Americans United for Separation of Church and State

07/03/2024 | News release | Distributed by Public on 07/03/2024 06:18

These three early American leaders have a lesson plan for Oklahoma Superintendent Ryan Walters

Oklahoma Superintendent of Public Instruction Ryan Walters is demanding that the Bible be taught in the state's public schools. He insists that it is the foundation of the American government. This is untrue - our Constitution is secular - and by making this claim, Walters unveils his true agenda: the whitewashing of history.

Walters and other Christian Nationalists believe that religion, specifically the version of Christianity that they hold, has always had a positive effect on humankind.

Even a casual student of history knows better. Religion, like any other force in society, has been used for good and evil. For examples of the latter, consider the Crusades, the St. Bartholomew's Day Massacre, the centuries of religious wars in Europe, witch trials, the harsh Puritan theocracy of Massachusetts and the use of the Bible in the South to justify slavery, to name just a few examples.

Telling the real story

I think it's unlikely that Walters wants Oklahoma's teachers to delve into these subjects. He wants "happy history" where the role of religion is always presented positively. But that's not history at all.

The real story of the evolution of religious freedom in America includes some dark chapters. Our students deserve to learn that. Part of that lesson would be teaching about the colonial-era religious and political figures who knew all too well what can happen when religion gets drunk on the power of the state.

Consider the following three quotes, all written within the space of eight years by three men who knew each other (and definitely shared ideas); they're instructive:

"Millions of innocent men, women, and children, since the introduction of Christianity, have been burnt, tortured, fined, imprisoned; yet we have not advanced one inch towards uniformity. What has been the effect of coercion? To make one half the world fools, and the other half hypocrites. To support roguery and error all over the earth." (Thomas Jefferson, Notes on the State of Virginia, 1784)

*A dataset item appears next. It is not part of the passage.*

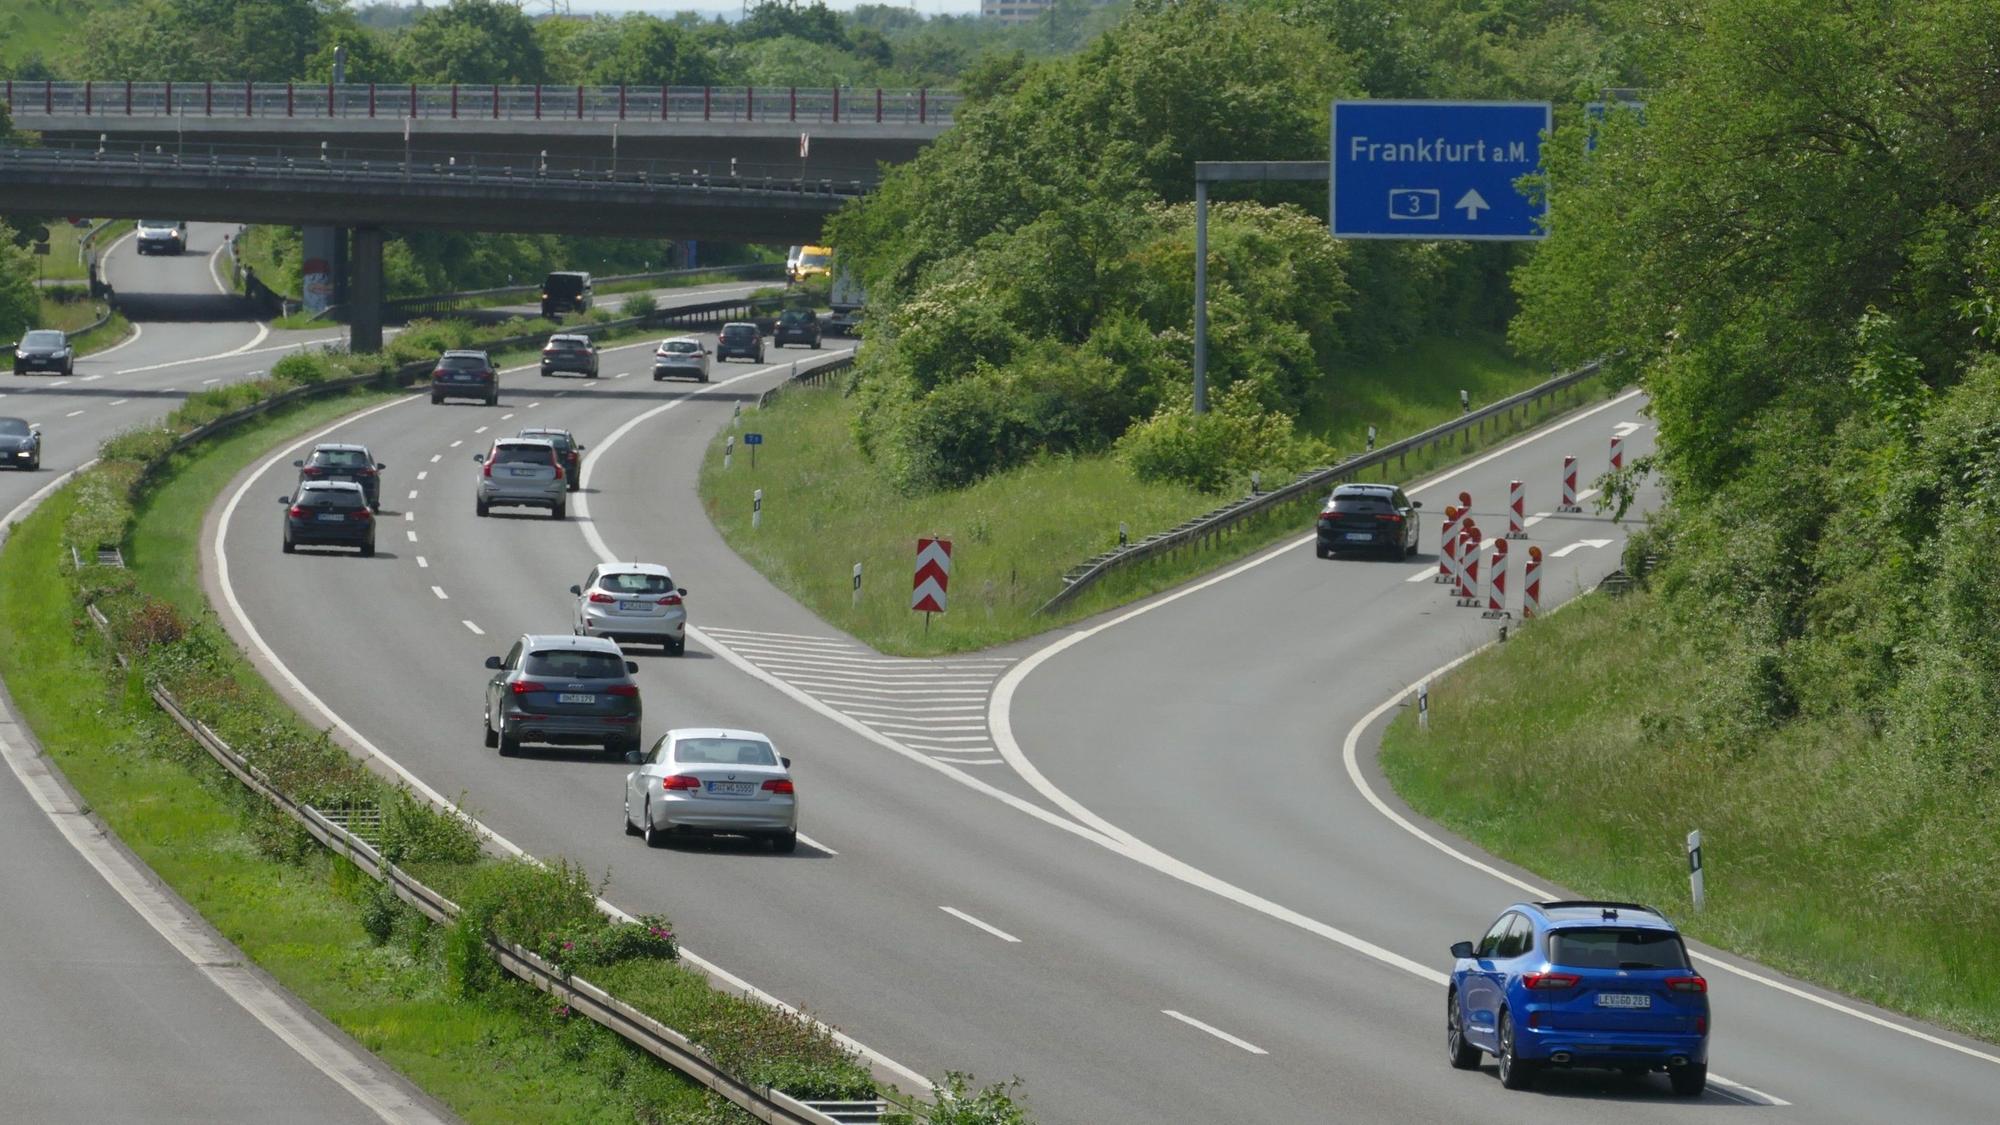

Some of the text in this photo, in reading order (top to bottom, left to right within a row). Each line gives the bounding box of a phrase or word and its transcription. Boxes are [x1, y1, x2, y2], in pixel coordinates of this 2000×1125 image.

[1351, 136, 1530, 163] Frankfurt a.M.
[1408, 195, 1421, 213] 3
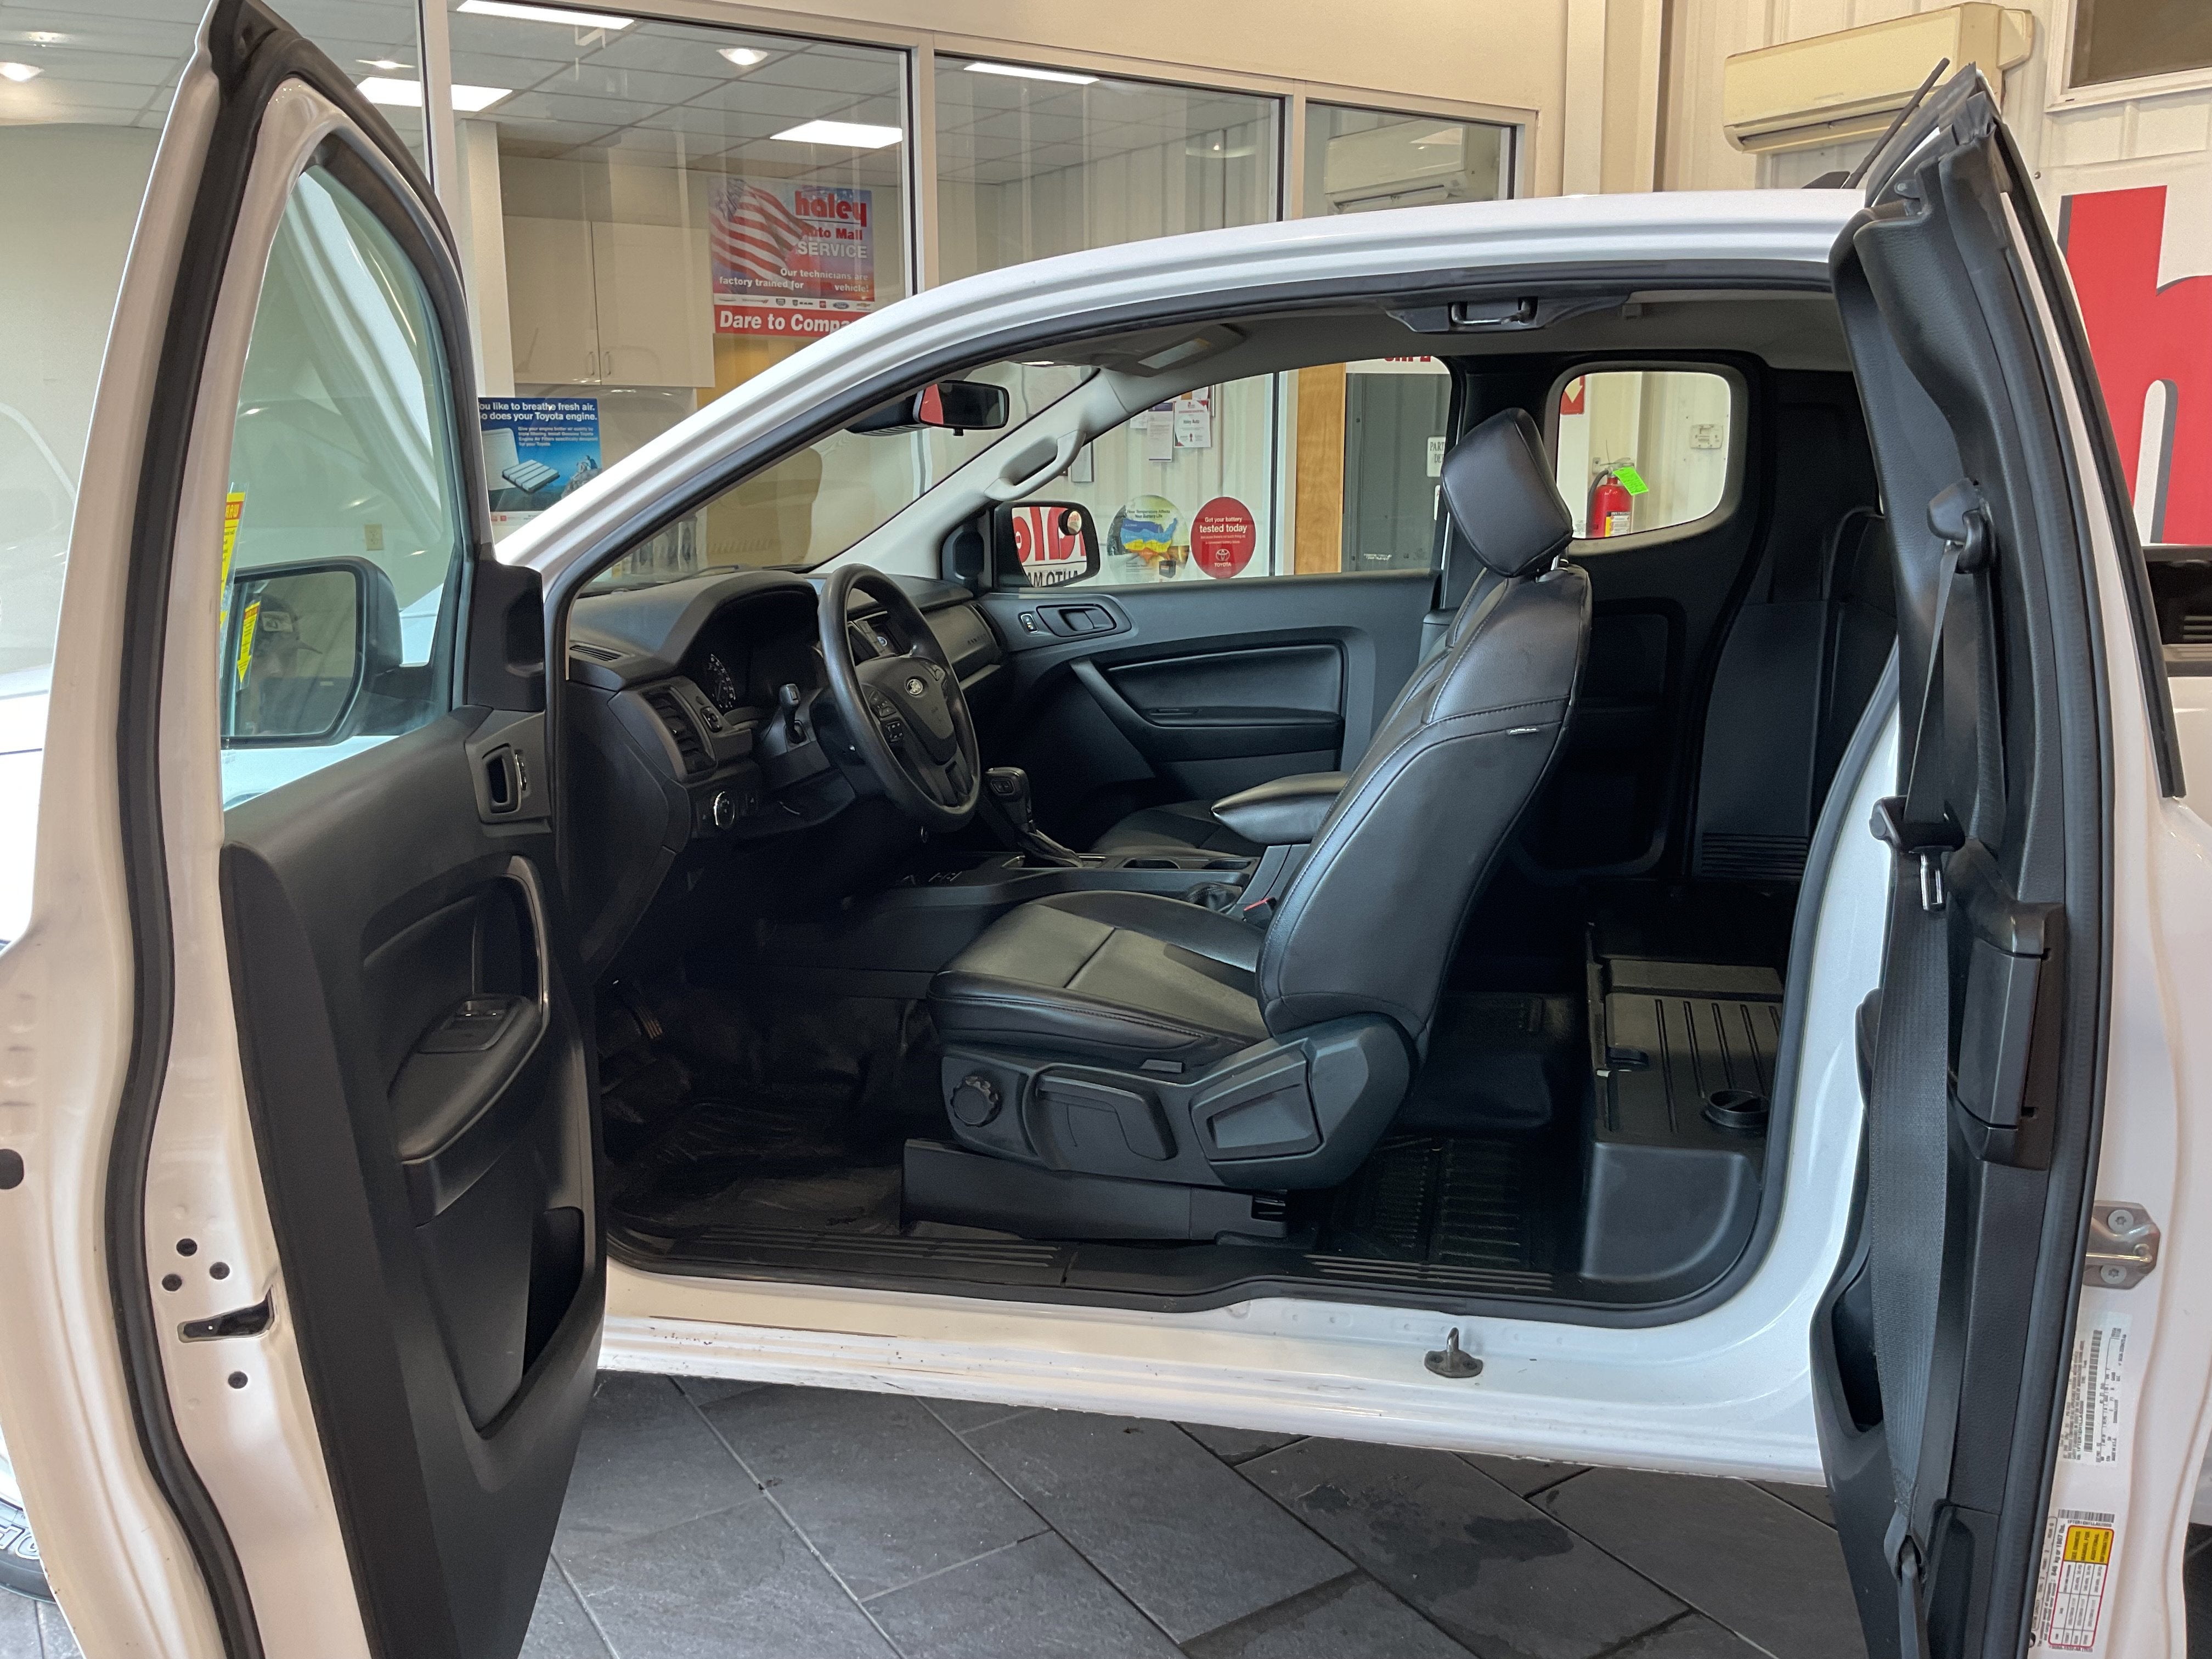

"Torrents of blood have been spilt in the world in vain attempts of the secular arm to extinguish religious discord, by proscribing all differences in religious opinions." (James Madison, "Memorial and Remonstrance Against Religious Assessments," 1785)

"Millions of men, women and children have been tortured to death, to produce uniformity, and yet the world has not advanced one inch towards it." (Baptist minister John Leland, "The rights of conscience inalienable" pamphlet, 1791)

No separation, no freedom

That's a lot of blood, violence and torture. Yet Jefferson, Madison and Leland did not use lurid language like this to titillate. They wanted their readers to understand that when there is no official distance between religion and government, terrible things can happen.

These three quotes, the history behind them and the effect they had on America's policy of religious freedom resting on a wall of separation between church and state would make for a fascinating lesson plan - and it's one that surely incorporates the Bible.

How about it, Superintendent Walters?